Simon viu as costas pequenas de Binabik e o cinza ondulante da garupa de Qantaqa enquanto as árvores se erguiam vertiginosamente em todos os lados. Gritos ecoaram por trás, e virou a cabeça para ver seus outros quatro companheiros em um grupo compacto, com a massa escura de seus perseguidores além, espalhando-se pela floresta. Ouviu um som como o de pergaminho sendo rasgado e, por um breve momento, viu uma flecha vibrando em um tronco de árvore bem à sua frente.
O som abafado do tamborilar dos cascos ressoava por toda parte, preenchendo seus ouvidos mesmo enquanto se agarrava com todas as forças à sela instável. Um fio preto e sibilante foi repentinamente puxado e arrebentou diante de seu rosto, e então outro: os perseguidores os flanqueavam, disparando suas flechas quase em zigue-zague. O garoto ouviu a si mesmo gritar algo ao ver as formas que mergulhavam em grande velocidade além das árvores mais próximas, e mais alguns dardos sibilantes passaram zunindo. Agarrando-se ao pomo da flecha, estendeu a mão que segurava o arco para puxar uma flecha de sua aljava trêmula, porém quando a trouxe para a frente, viu-a brilhar pálida contra o ombro de seu cavalo. Era a Flecha Branca... O que deveria fazer?

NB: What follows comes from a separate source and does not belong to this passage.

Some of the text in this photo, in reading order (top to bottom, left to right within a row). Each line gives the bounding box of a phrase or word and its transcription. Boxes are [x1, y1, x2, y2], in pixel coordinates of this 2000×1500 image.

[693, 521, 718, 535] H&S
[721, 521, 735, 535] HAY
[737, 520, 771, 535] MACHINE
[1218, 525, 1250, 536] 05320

Em um instante que pareceu muito mais longo, lançou a de volta por cima do ombro para dentro da aljava, puxando outra. Uma voz zombeteira em algum lugar de sua cabeça riu ao vê-lo escolhendo flechas em um momento como aquele. Quase perdeu o arco e a flecha quando seu cavalo cambaleou ao redor de uma árvore salpicada de neve que pareceu surgir de repente em seu caminho. Um instante depois, ouviu um grito de dor e o grito aterrorizante de um cavalo caindo. Olhou por cima do ombro e viu apenas três de seus companheiros atrás dele e, cada vez mais atrás, um emaranhado de braços, patas de cavalo se debatendo e neve revolta. Os perseguidores passaram por cima e ao redor do cavaleiro caído, sem se intimidarem.

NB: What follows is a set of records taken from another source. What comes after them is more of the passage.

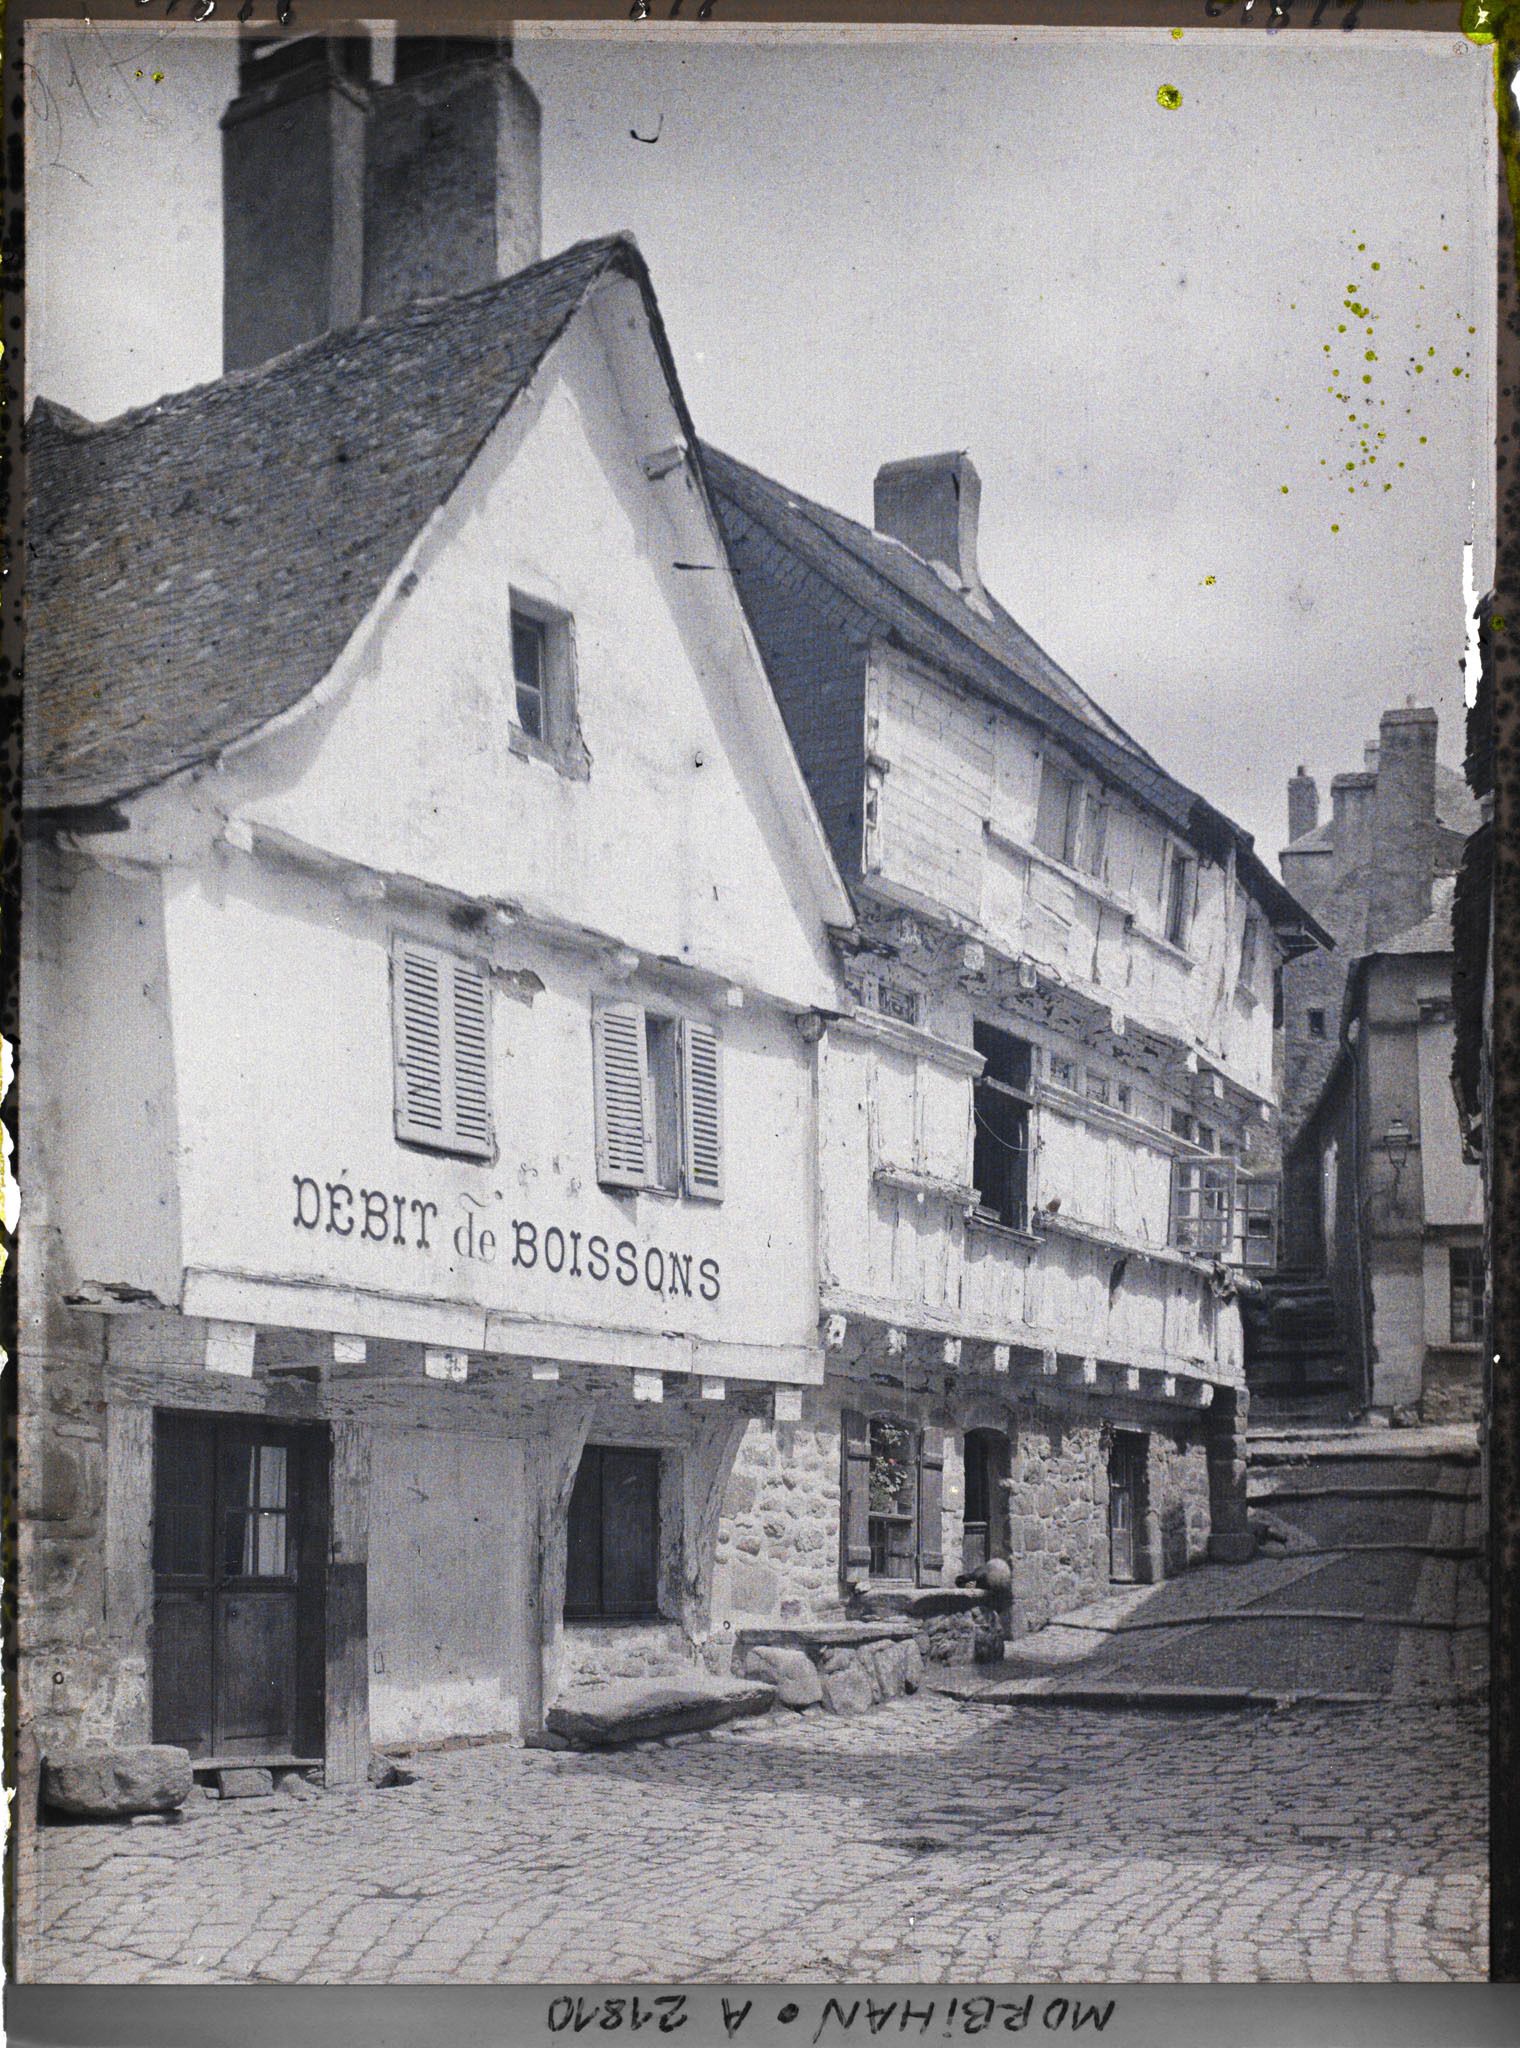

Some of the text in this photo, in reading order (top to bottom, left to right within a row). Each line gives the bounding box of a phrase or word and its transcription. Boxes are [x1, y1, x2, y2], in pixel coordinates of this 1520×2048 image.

[292, 1168, 438, 1249] DÉBIT
[453, 1209, 497, 1264] de
[511, 1218, 721, 1301] BOISSONS
[548, 1995, 687, 2033] 21810
[720, 1997, 752, 2039] A

“Quem era?” foi seu pensamento breve e fugaz.
— Suba a colina, a colina! — Binabik gritou roucamente de algum lugar à direita de Simon.
Ele viu a ponta da cauda de Qantaqa quando a loba saltou por uma encosta em direção a árvores mais densas, um emaranhado de pinheiros que se erguia como sentinelas indiferentes enquanto o caos gritado passava por eles. Simon puxou com força a rédea direita, sem ter ideia se o cavalo lhe daria atenção; um instante depois, se inclinaram para o lado e dispararam pela encosta atrás da loba que saltava. Os outros três companheiros passaram por ele correndo, parando seus cavalos fumegantes sob a escassa proteção de uma copa de troncos retos como varas.
Sludig ainda não usava capacete, e o magro certamente era Grimmric, contudo o outro homem, corpulento e de capacete, havia subido um pouco a encosta; antes que Simon pudesse se virar para ver quem era, ouviu um grito rouco de triunfo. Os cavaleiros estavam sobre eles.
Após um momento de hesitação, colocou a flecha na corda e ergueu o arco, todavia os atacantes, gritando, moviam-se entre as árvores tão rapidamente que sua flecha passou inofensiva por cima da cabeça do homem mais próximo e desapareceu. Simon lançou uma segunda flecha e achou que a viu atingir a perna de um dos cavaleiros de armadura. Alguém gritou de dor. Sludig, com um uivo em resposta, esporeou seu cavalo branco para a frente, puxando o capacete para baixo sobre a cabeça. Dois dos atacantes se separaram do grupo e avançaram em sua direção. O garoto o viu esquivar-se do golpe de espada do primeiro e, virando-se, cravar a lâmina do machado nas costelas do homem enquanto passava, sangue vivo jorrando do corte na armadura. Ao se virar para o primeiro homem, o segundo quase o alcançou; Sludig teve tempo apenas de desviar o golpe com o outro machado, embora ainda assim levou um golpe estrondoso no capacete. Simon viu o rimmerio cambalear e quase cair quando o atacante girou.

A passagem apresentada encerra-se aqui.